Rivera worked in the Sloan Kettering lab for seven years, and when she was ready to move on, she found her spot in the growing research program of NJMS Senior Associate Dean for Research William Gause, PhD, who recently launched the Rutgers Institute for Infectious and Inflammatory Diseases (i3D) at the school. “I brought my mice and I brought my program here, and he gave me everything else to take my research to the next level,” she says.

And clearly, the relationship is on a positive trajectory. In March, Rivera won her first big NIH research grant, a five-year $1.25 million RO1 award to study “how monocytes talk to neutrophils and how neutrophils talk back.”

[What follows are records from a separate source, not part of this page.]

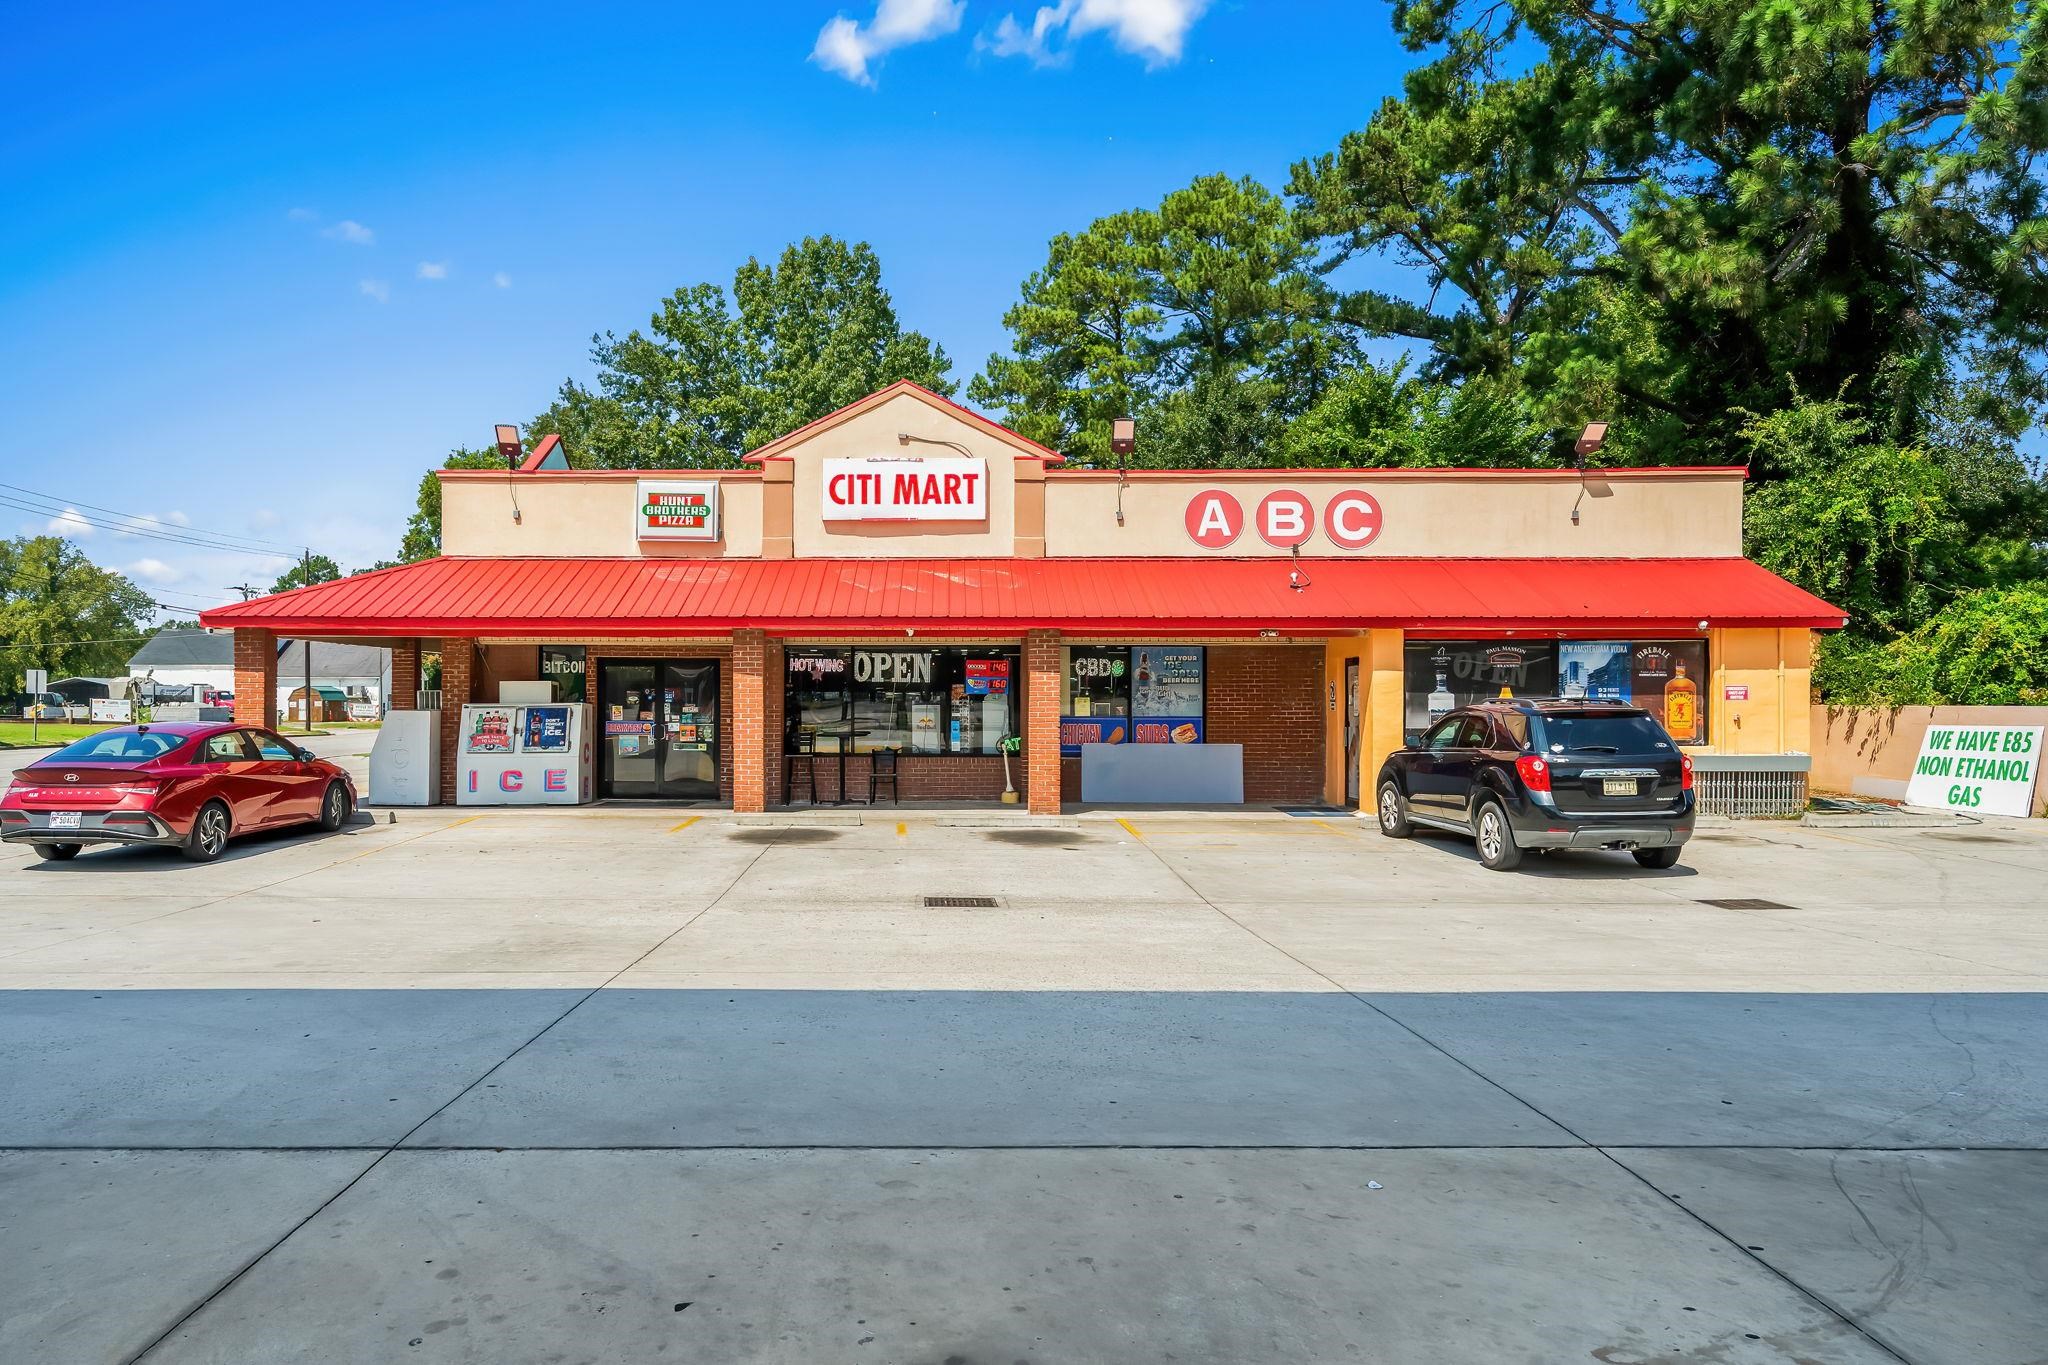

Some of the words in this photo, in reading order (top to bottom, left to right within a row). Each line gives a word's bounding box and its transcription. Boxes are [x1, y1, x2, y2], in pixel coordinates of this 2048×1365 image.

[828, 473, 882, 505] CITI
[892, 473, 979, 505] MART
[659, 496, 693, 505] HUNT
[646, 505, 707, 516] BROTHERS
[659, 515, 694, 526] PIZZA
[1485, 647, 1501, 655] PAUL
[1560, 645, 1573, 653] NEW
[1573, 645, 1610, 653] AMSTERDAM
[1610, 645, 1628, 653] VODKA
[1636, 646, 1671, 660] FIREBALL
[789, 658, 814, 672] HOT
[853, 651, 932, 683] OPEN
[1075, 657, 1112, 677] CBD
[1163, 660, 1183, 670] ICE
[1061, 723, 1102, 746] CHICKEN
[1929, 730, 1955, 751] WE
[1956, 730, 2000, 752] HAVE
[2001, 731, 2034, 754] E85
[1916, 755, 1953, 777] NON
[1954, 757, 2030, 783] ETHANOL
[469, 768, 567, 793] ICE
[1948, 784, 1982, 807] GAS

Rivera explains that her current research grew out of her prior investigations of how monocytes and neutrophils (two types of immune cells) function. “Our findings have taken us to this next step — looking at how these two types of cells signal to each other,” she explains.

Rivera’s primary work continues to be aimed at a better understanding of how the body fights fungal infections at the molecular level; and her ultimate goal is to enhance the immune system’s fight by boosting the body’s own efforts. “These findings may also be applicable to other lung infections,” she states.

What does she see as she looks into her future? “I hope to make new mouse models,” she says. “Aspergillus is a type of mold and molds are very common in our environment. They are particularly abundant indoors.”

An impaired immune system can allow these infections to become very serious, she continues. “I want to know if our exposure to molds is generally harmless or whether it frequently contributes to disease processes. When there is flooding and there are many fungal spores in the air, is that exposure affecting people’s health?”

Rivera says that a molecular picture detailing how molds are recognized by their host, which cells react first and which cells react next— down to specific genes, is what is needed. “If we enhance expression of these genes, can we improve health?” she asks.

As Rivera and the three GSBS students in her lab tackle these big questions, she is preparing an NIH program project grant proposal (P01) with Gause and others in the infection and inflammation group. “We are basically looking at the same question — how the body gears up to respond to infection —but we are looking at it from different angles,” she explains.

She is working on a new mouse model to help answer these new questions. In the meantime, the mouse model she developed to study fungal infection continues to serve as a useful research tool, recently traveling abroad to a lab in Japan and also stateside to another in Wisconsin.

Rivera ponders whether houses flooded by Hurricane Sandy may be incubators for disease-causing organisms and what potentially could be done to prevent this from happening in the future. Hailing from an island that is no stranger to damaging storms, she hopes that her long years of research may soon yield answers that will impact the wellbeing of flood-ravaged communities from New Jersey to Puerto Rico and beyond.